The five elementary schools of the Manhattan Beach Unified School District welcomed back their youngest students this week. But the Manhattan Beach Middle School’s program for high needs students was shut down due to three COVID-19 cases. 

On Sunday, MBUSD sent out a letter to parents with kids at MBMS informing them that three positive COVID-19 cases had been discovered that had a connection with the campus.

“Cleaning and disinfecting of the exposed location has been completed,” the district’s statement said. “In all three cases, the most recent of which was last on campus on Friday, November 20, MBUSD investigated to determine who was within six feet of the person for at least 15 minutes and took action to send anyone who was in such proximity home until further notice. Because we have three positive COVID-19 cases that the Los Angeles County Department of Public Health has determined appear to be epidemiologically related, LACDPH is opening an ‘outbreak investigation’ for MBMS. This means that a public health nurse and physician will be assigned to conduct a deeper investigation.”
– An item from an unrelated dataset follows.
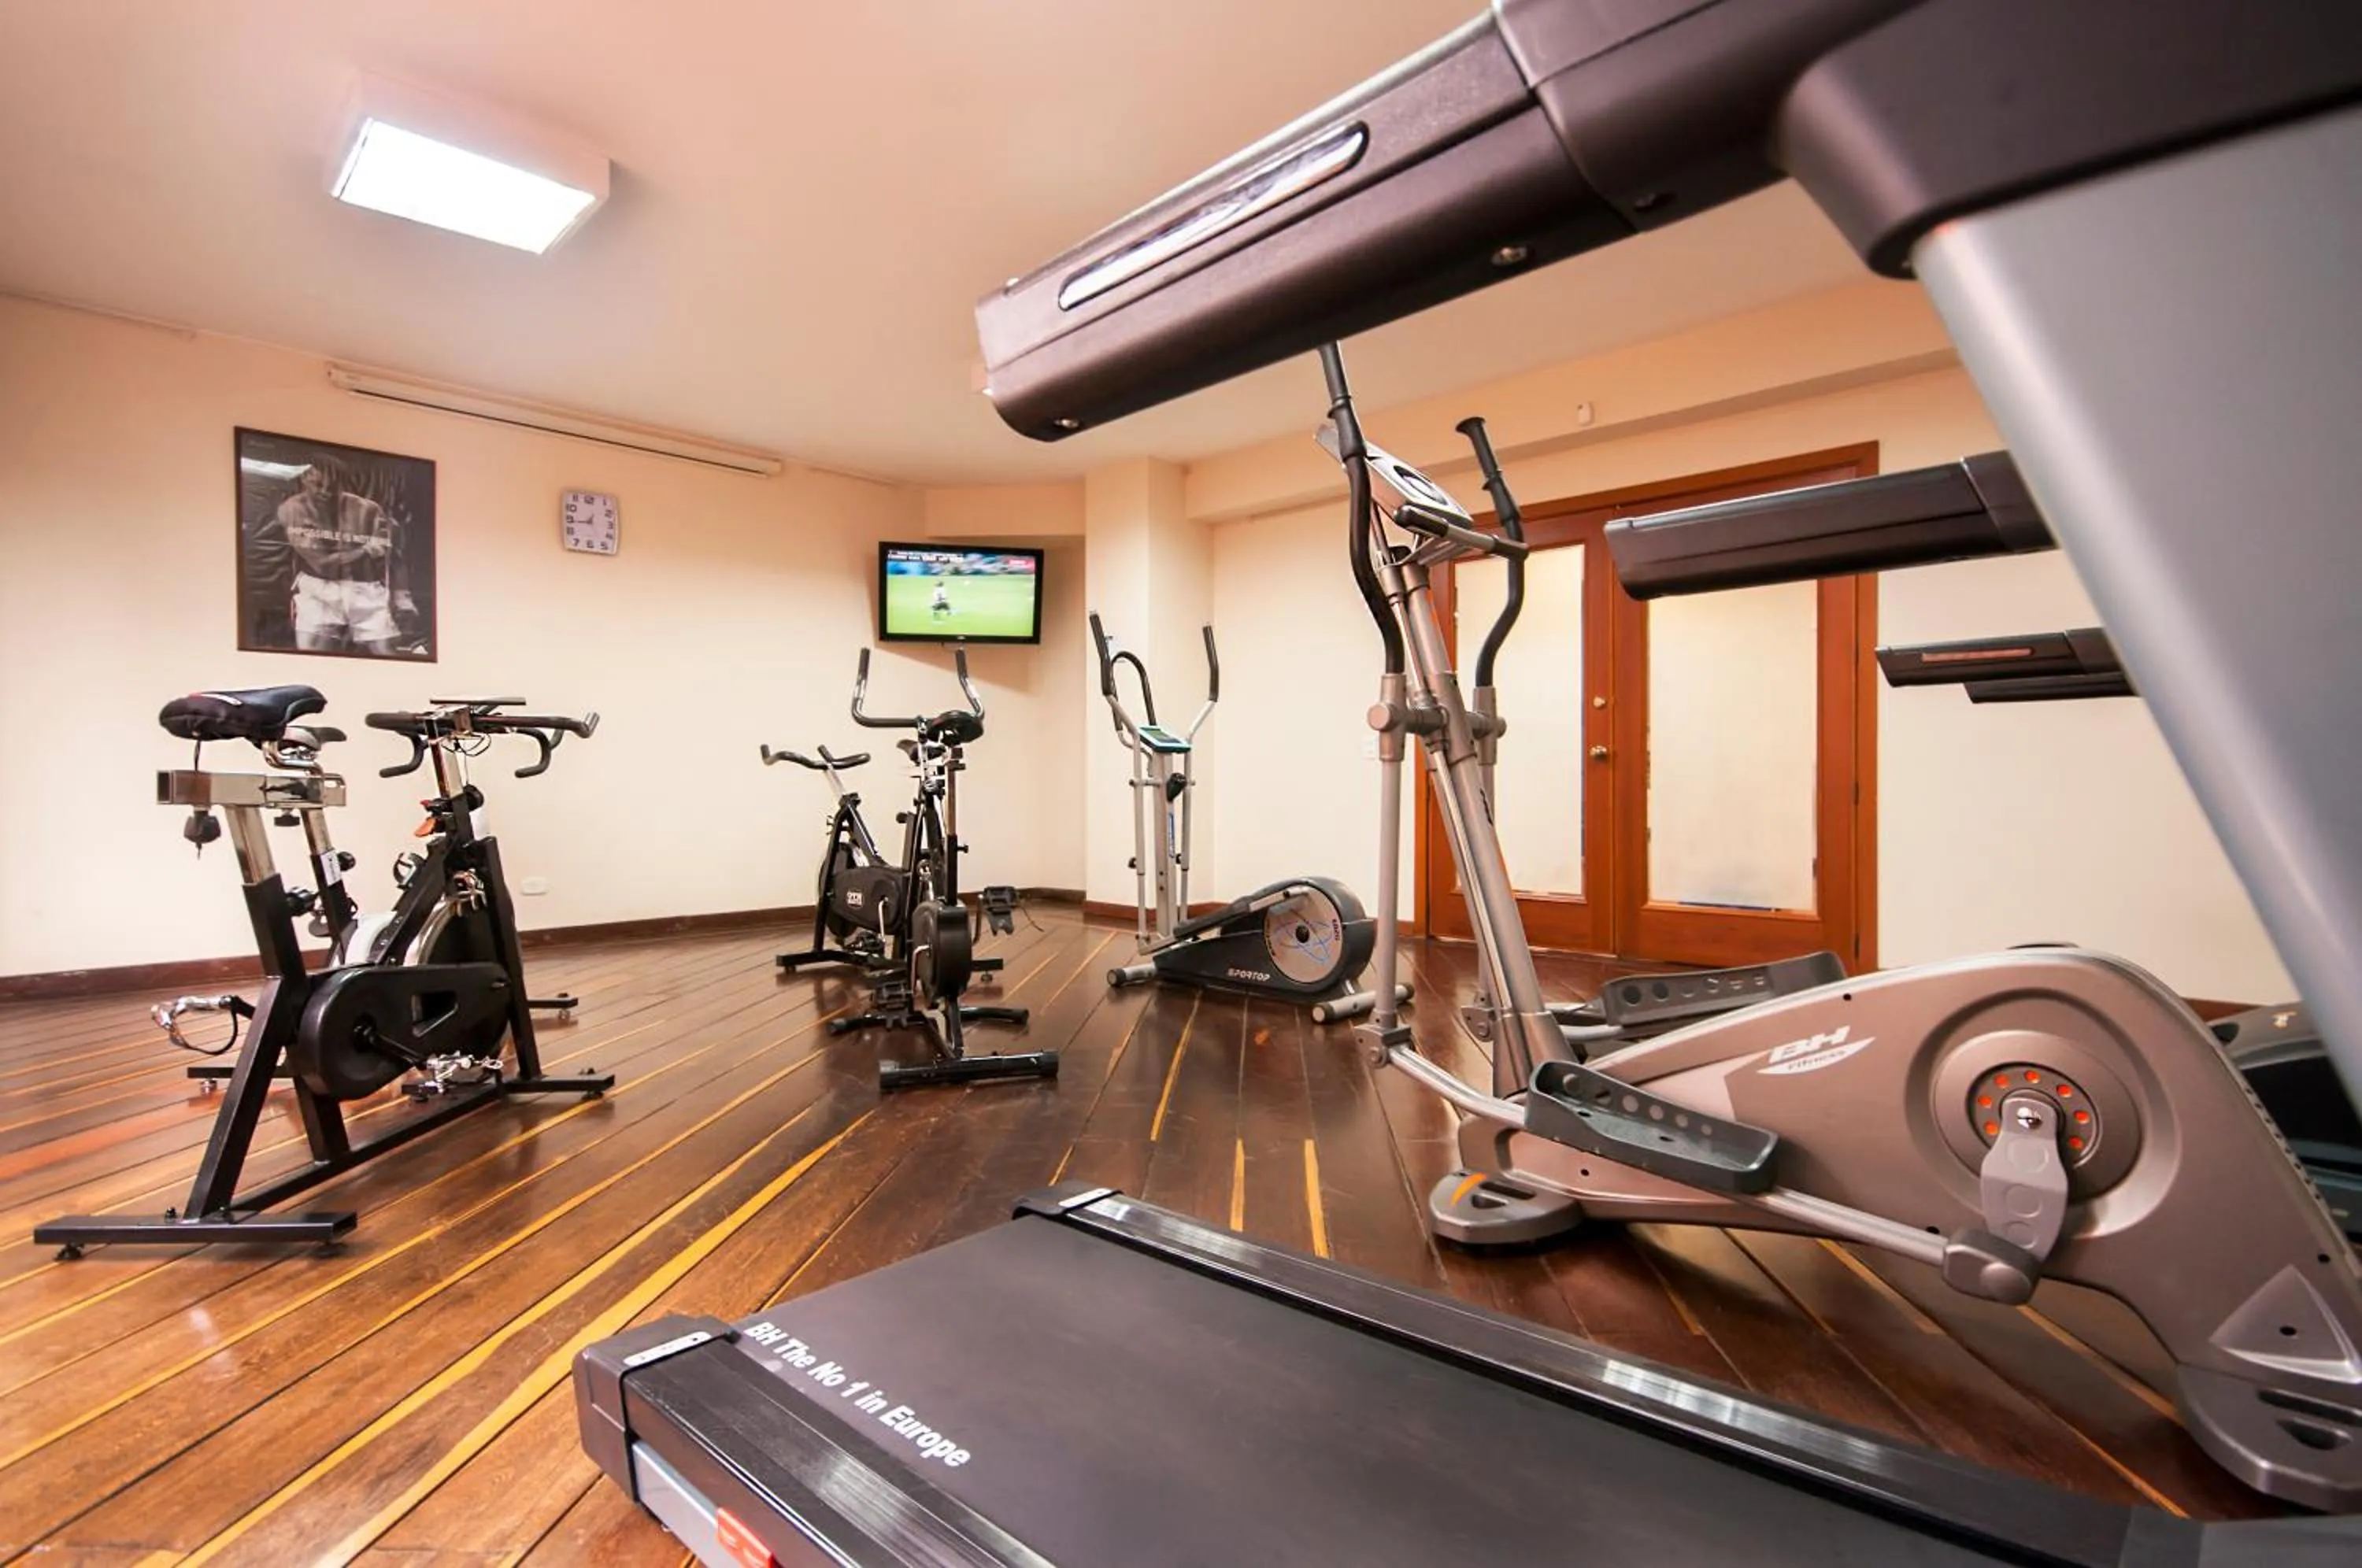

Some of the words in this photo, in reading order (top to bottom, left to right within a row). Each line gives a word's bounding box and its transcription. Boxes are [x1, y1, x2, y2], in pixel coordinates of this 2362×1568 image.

This will require the campus to be closed for 14 days. At present, MBUSD’s COVID-19 dashboard indicates seven active cases throughout the district: two staff members at MBMS, two at Grand View Elementary, and one staff member at Pennekamp Elementary. Two students have tested positive at MIra Costa High School. 

Superintendent Mike Matthews said that though each COVID-19 case is concerning — as well as the larger spike in cases throughout LA County — he believes the district’s protocols have been successful in preventing further community spread. 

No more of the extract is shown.